Records from a collection
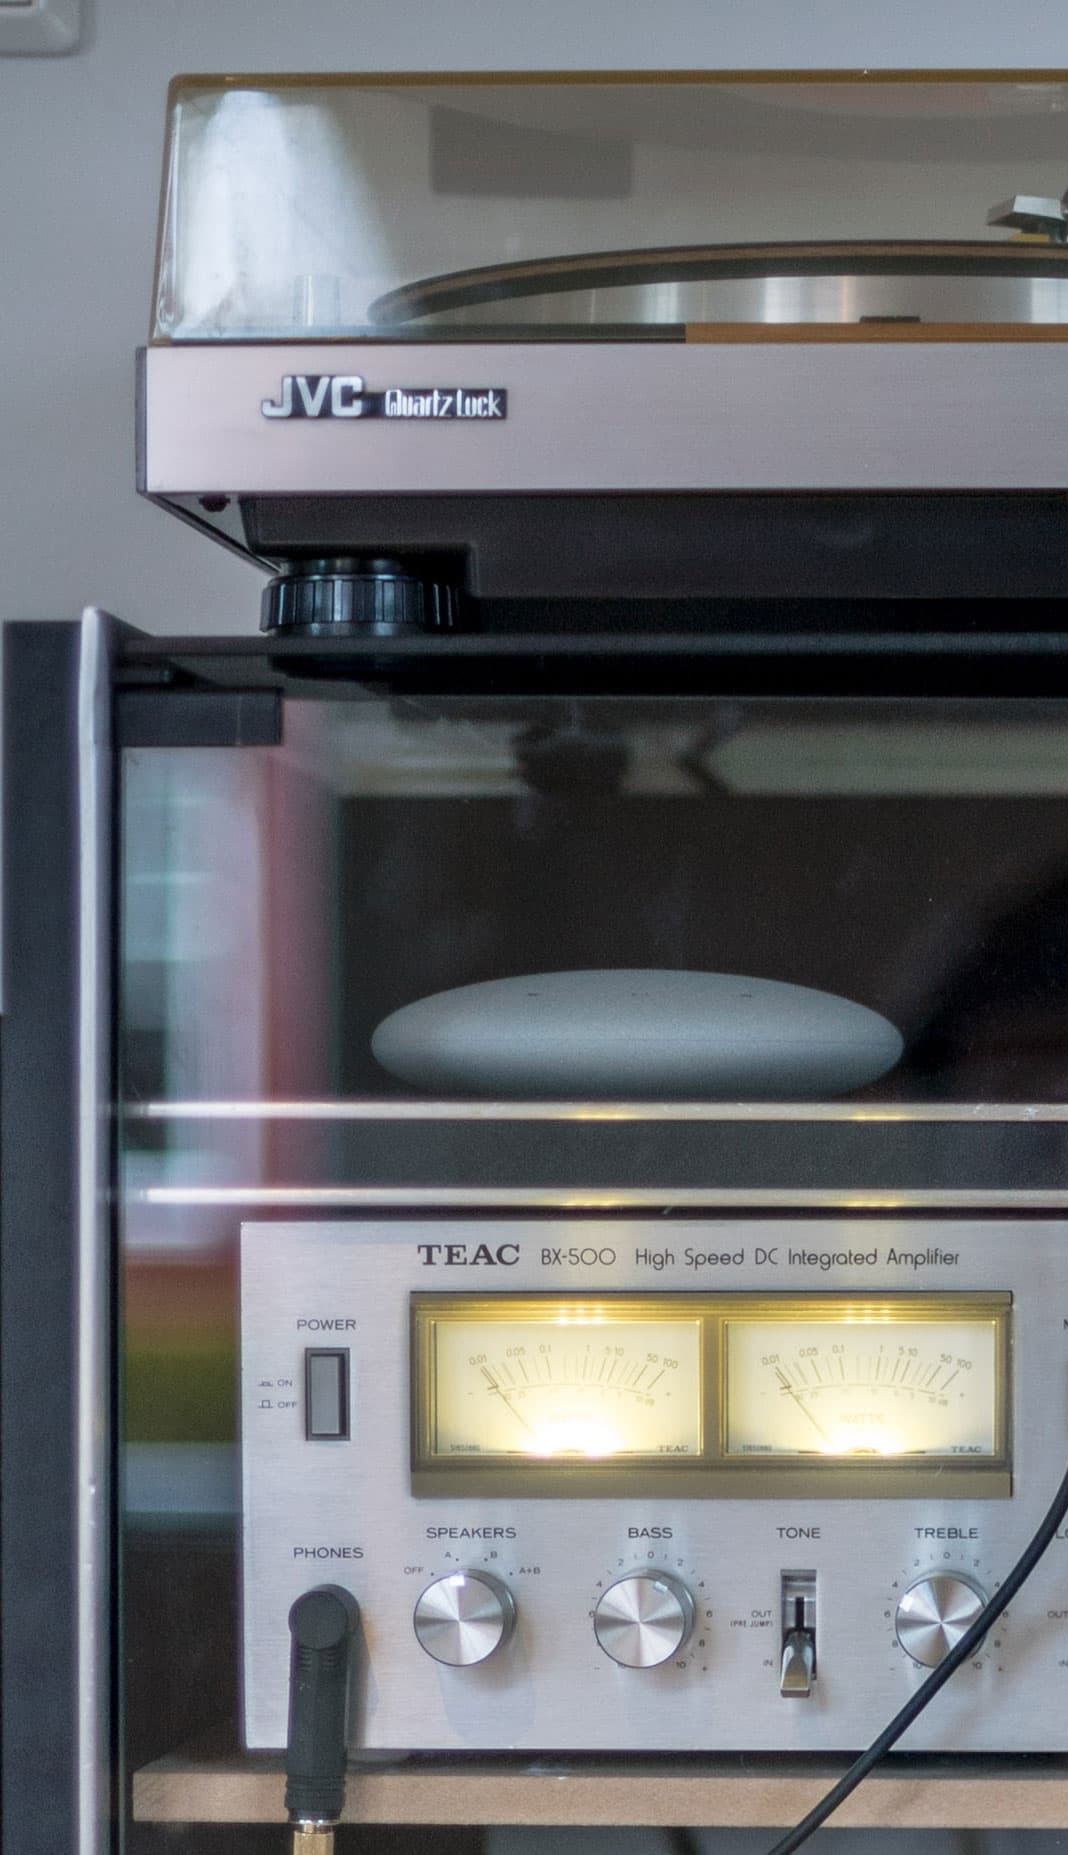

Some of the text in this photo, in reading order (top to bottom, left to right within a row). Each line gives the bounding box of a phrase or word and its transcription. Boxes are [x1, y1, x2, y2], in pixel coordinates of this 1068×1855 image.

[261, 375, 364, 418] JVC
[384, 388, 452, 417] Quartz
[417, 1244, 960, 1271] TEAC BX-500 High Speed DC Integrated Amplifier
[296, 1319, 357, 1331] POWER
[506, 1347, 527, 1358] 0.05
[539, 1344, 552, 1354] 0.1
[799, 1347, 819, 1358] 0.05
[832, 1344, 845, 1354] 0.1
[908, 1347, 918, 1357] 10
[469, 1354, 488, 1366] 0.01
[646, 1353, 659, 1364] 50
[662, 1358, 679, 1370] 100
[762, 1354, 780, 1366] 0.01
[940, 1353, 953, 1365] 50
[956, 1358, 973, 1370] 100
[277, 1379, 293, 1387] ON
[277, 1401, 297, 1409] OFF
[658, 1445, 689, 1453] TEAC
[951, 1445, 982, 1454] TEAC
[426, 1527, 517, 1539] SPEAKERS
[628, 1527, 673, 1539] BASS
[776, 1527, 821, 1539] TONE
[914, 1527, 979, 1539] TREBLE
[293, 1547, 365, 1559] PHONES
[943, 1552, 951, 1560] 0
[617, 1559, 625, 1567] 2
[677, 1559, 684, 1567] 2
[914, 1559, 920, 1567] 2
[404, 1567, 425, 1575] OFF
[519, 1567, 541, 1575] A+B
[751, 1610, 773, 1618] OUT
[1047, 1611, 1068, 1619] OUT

Action item.
Before printing the records again, strip out the pictures; change nothing else.

Output of the task.
Some of the text in this photo, in reading order (top to bottom, left to right within a row). Each line gives the bounding box of a phrase or word and its transcription. Boxes are [x1, y1, x2, y2], in pixel coordinates of this 1068×1855 image.

[261, 375, 364, 418] JVC
[384, 388, 452, 417] Quartz
[417, 1244, 960, 1271] TEAC BX-500 High Speed DC Integrated Amplifier
[296, 1319, 357, 1331] POWER
[506, 1347, 527, 1358] 0.05
[539, 1344, 552, 1354] 0.1
[799, 1347, 819, 1358] 0.05
[832, 1344, 845, 1354] 0.1
[908, 1347, 918, 1357] 10
[469, 1354, 488, 1366] 0.01
[646, 1353, 659, 1364] 50
[662, 1358, 679, 1370] 100
[762, 1354, 780, 1366] 0.01
[940, 1353, 953, 1365] 50
[956, 1358, 973, 1370] 100
[277, 1379, 293, 1387] ON
[277, 1401, 297, 1409] OFF
[658, 1445, 689, 1453] TEAC
[951, 1445, 982, 1454] TEAC
[426, 1527, 517, 1539] SPEAKERS
[628, 1527, 673, 1539] BASS
[776, 1527, 821, 1539] TONE
[914, 1527, 979, 1539] TREBLE
[293, 1547, 365, 1559] PHONES
[943, 1552, 951, 1560] 0
[617, 1559, 625, 1567] 2
[677, 1559, 684, 1567] 2
[914, 1559, 920, 1567] 2
[404, 1567, 425, 1575] OFF
[519, 1567, 541, 1575] A+B
[751, 1610, 773, 1618] OUT
[1047, 1611, 1068, 1619] OUT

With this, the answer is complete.